Microsoft's User Account Control documentation describes standard-user execution as the normal path for applications: "Most applications, including the ones included with the operating system, are designed to work properly this way." Its newer administrator protection guidance follows the same principle: users should stay at lower privilege and elevate only when an operation genuinely needs it.
That should be the boring default. In practice, Windows maintenance tools often drift away from it. Some run the whole interface as administrator because it is easier. Some keep a privileged helper around without a narrow command model. Some expose an elevated path that accepts too much from the unelevated side.
The broker work is our line against that drift.
Local privileged helpers are risky when they are too flexible.

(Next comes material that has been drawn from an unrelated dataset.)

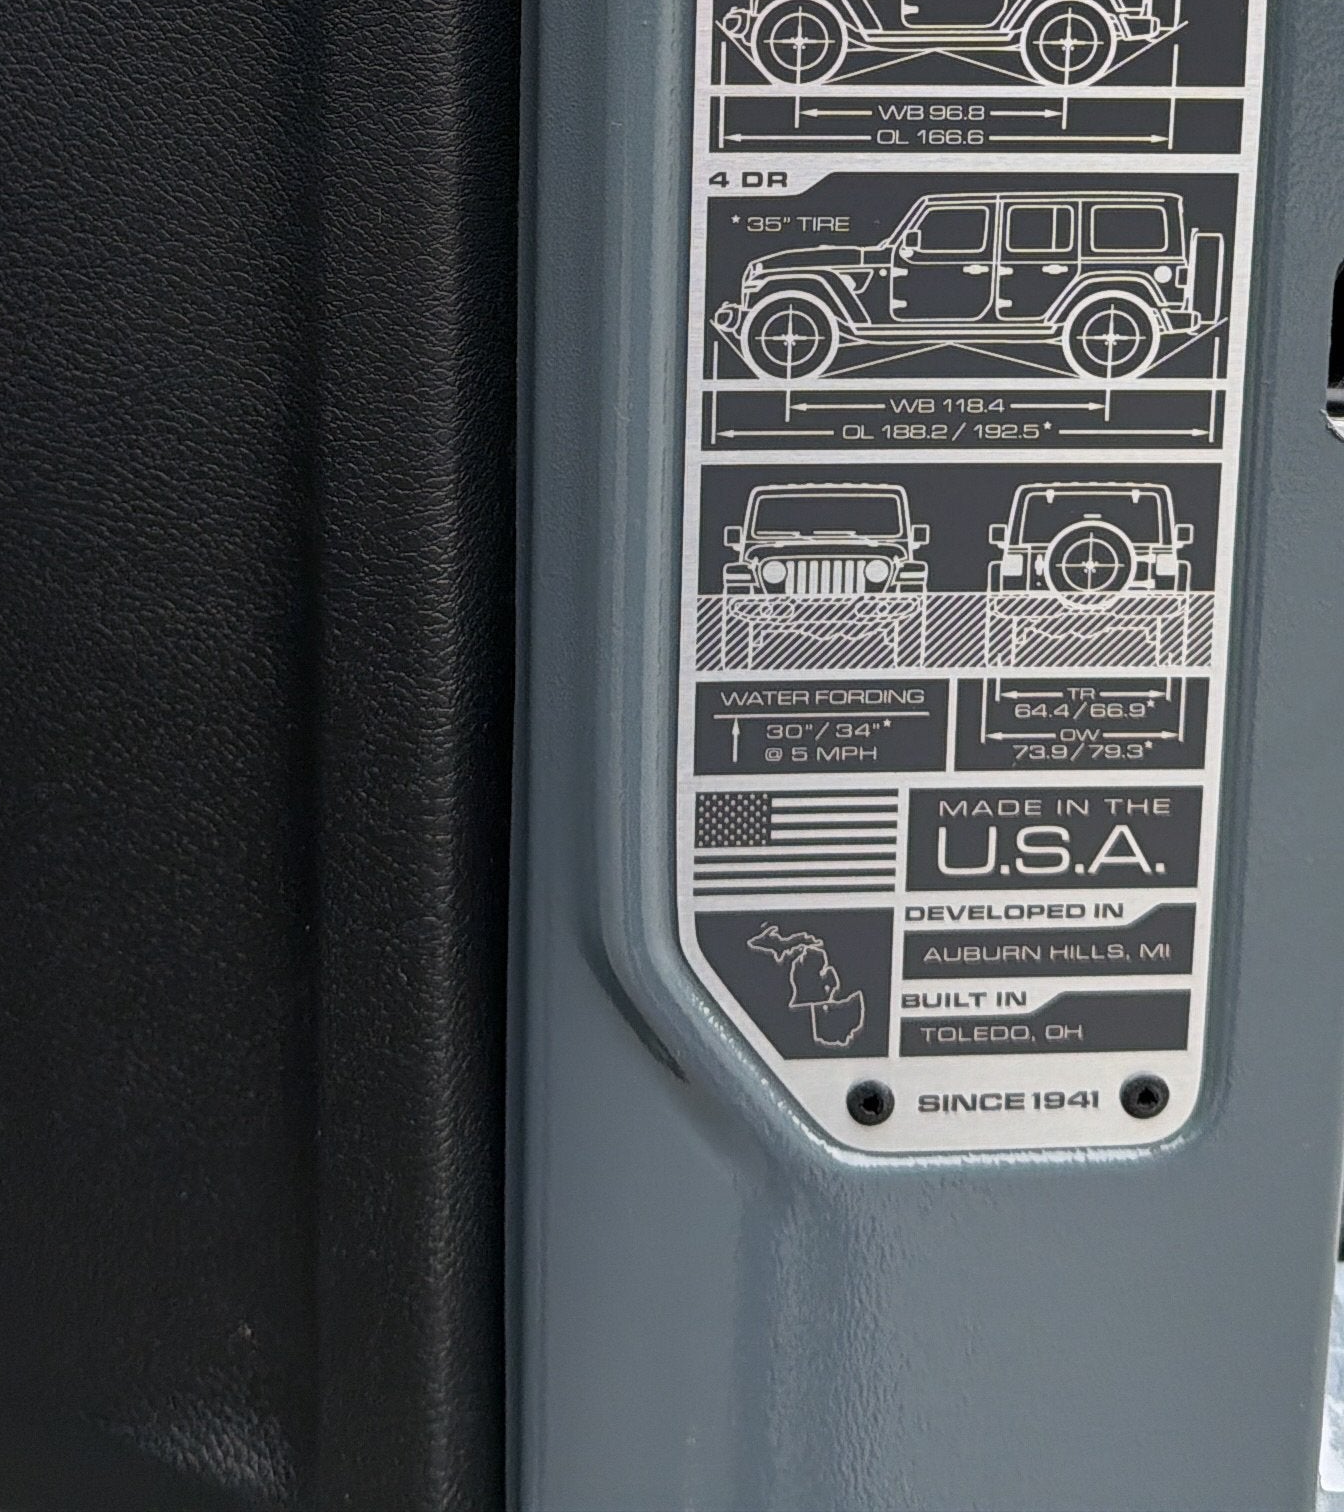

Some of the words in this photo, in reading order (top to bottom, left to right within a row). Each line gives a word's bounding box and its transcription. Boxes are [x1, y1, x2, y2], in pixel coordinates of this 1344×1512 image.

A helper that can run any command, delete any file, edit any registry key, or execute any uninstall string is not really a broker. It is an elevation mechanism. That is exactly what we wanted to avoid.
The broker uses a closed catalog instead. Every elevated action has to be known, reviewed, authorized, validated, and handled as a product operation. If a future feature needs elevated access, it has to be designed as a specific broker action. There is no general "run this as admin" escape hatch.

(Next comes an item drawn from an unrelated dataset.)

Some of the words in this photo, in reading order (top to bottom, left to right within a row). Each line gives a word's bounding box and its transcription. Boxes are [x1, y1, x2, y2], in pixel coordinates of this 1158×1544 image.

That makes privileged work slower to add, but easier to trust.
The service owns target resolution
One of the most important decisions was to resolve protected targets inside the service, not in the interface.

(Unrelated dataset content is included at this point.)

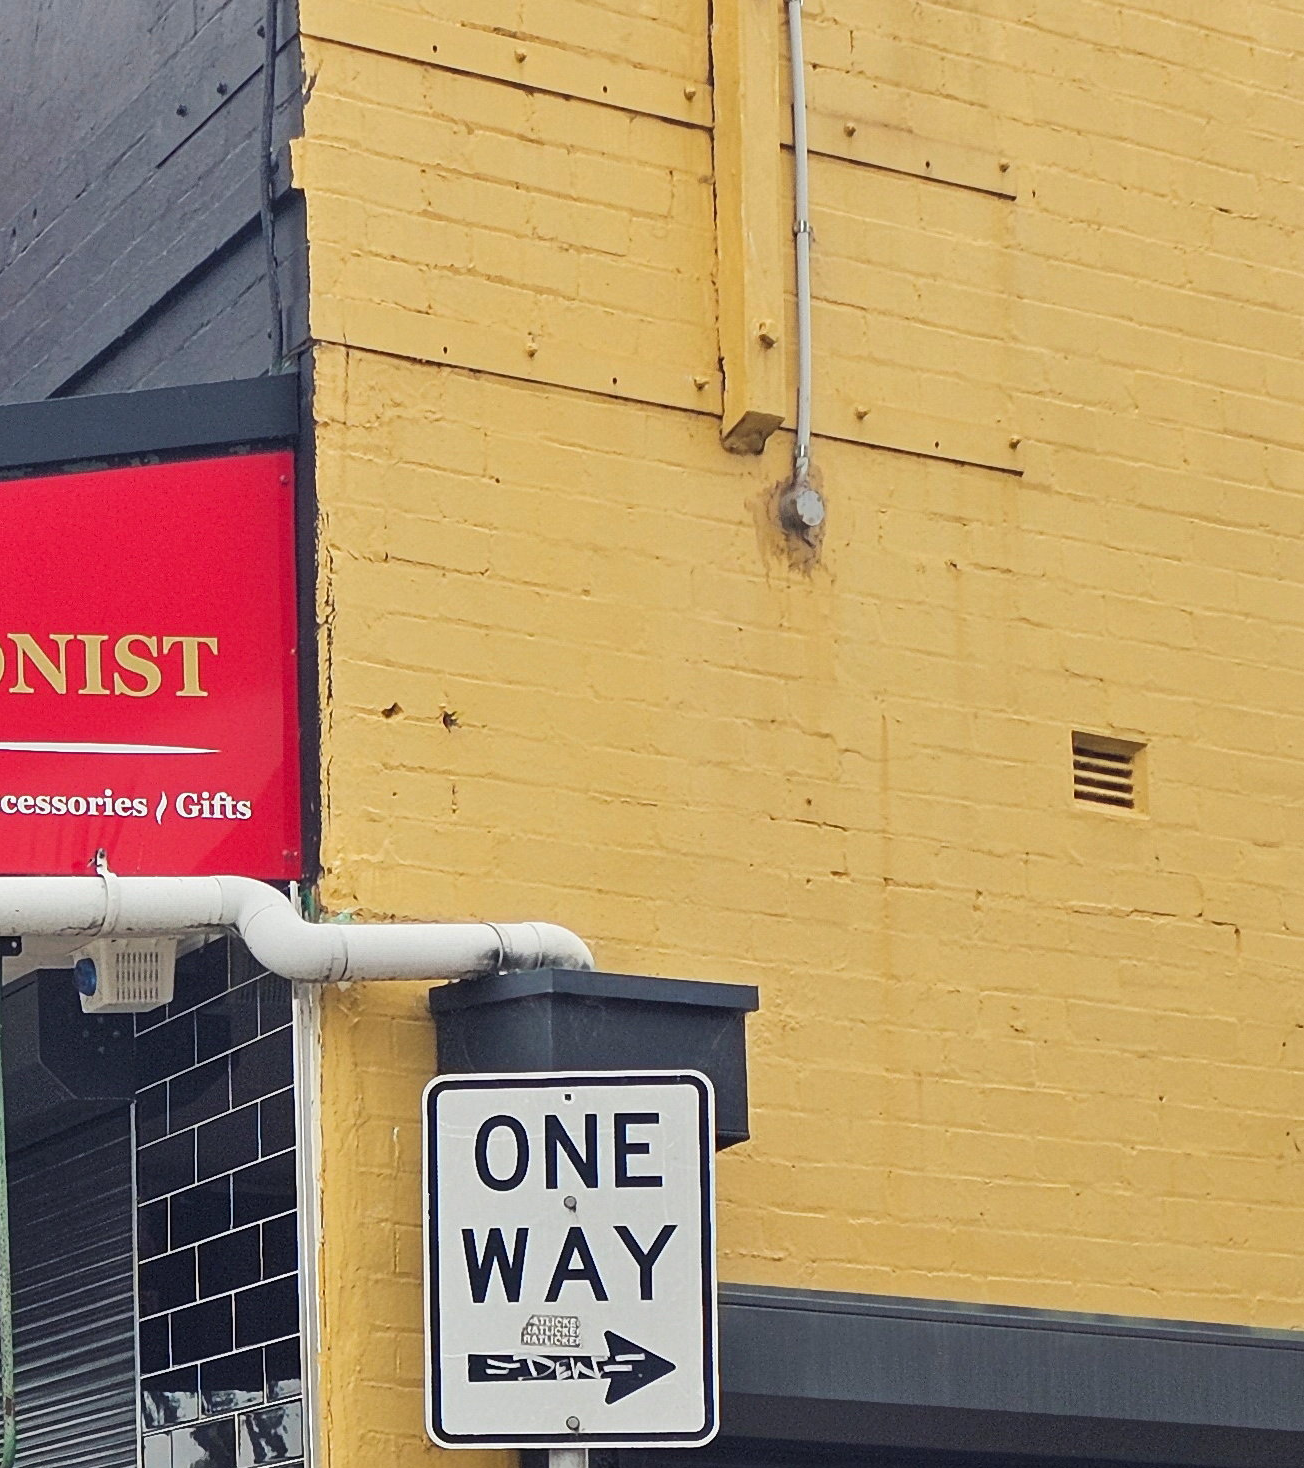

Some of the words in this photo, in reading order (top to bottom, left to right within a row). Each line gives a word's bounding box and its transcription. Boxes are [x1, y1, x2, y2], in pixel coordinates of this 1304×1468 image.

[176, 791, 253, 823] Gifts
[474, 1112, 663, 1191] ONE
[461, 1224, 678, 1304] WAY

For Optimizer, machine-scope changes are resolved from eclean's supported optimization catalog. The request is for a known optimization, not an arbitrary registry write.
For Booster, the broker works from current Windows state: startup entries, services, scheduled tasks, and network adapters. The service still applies eclean's rules for what can and cannot be changed.
For protected Junk Cleaner cleanup, the broker uses scan receipts and item IDs. The app can request cleanup for items found by a scan, but the service reloads and validates that scan data before touching protected locations.
This keeps user intent in the app and privileged target decisions inside the boundary built to handle them.
Trust before action
Connecting to a local service should not be enough to use it.
Before the broker handles privileged work, it verifies that the request came from the installed eclean app and checks the relationship between the app and service binaries. Command policy then has to allow the specific action, and the resolved target still has to be valid.
If any of those checks fail, the broker fails closed before changing anything.
What we will not broker
The exclusions are part of the design.
The broker does not support:
- Generic process execution.
- Generic shell execution.
- PowerShell execution.
- Arbitrary file deletion.
- Arbitrary registry editing.
- Arbitrary Windows service control.
- Arbitrary scheduled task editing.
- Package removal.
- MSI execution.
- Vendor uninstall string execution.
- Silent SYSTEM-level Uninstaller execution.
The Uninstaller boundary is especially important. Uninstall strings are executable instructions supplied by other installers and vendors. Running them silently as LocalSystem would turn the broker into a general privileged execution path.
So we do not do that.
What users get from this
The best version of this work is mostly invisible.
eclean should launch cleanly, start from the user's session, show information, collect choices, and explain changes without carrying administrator privileges through the whole interface.
When eclean needs to touch protected parts of Windows, it now goes through a dedicated broker designed for that job.
That gives users a cleaner trust model: less privilege in the everyday app, and a tighter path for the maintenance actions that genuinely need elevation.
It also gives us a better foundation for future Windows work. Before adding an elevated capability, we have to answer the right questions: does it truly need elevation, how is the target resolved, who can request it, what blocks it, and what should the user see afterward?
That friction is intentional.
For software that works near protected Windows settings, the safe path should be the default path.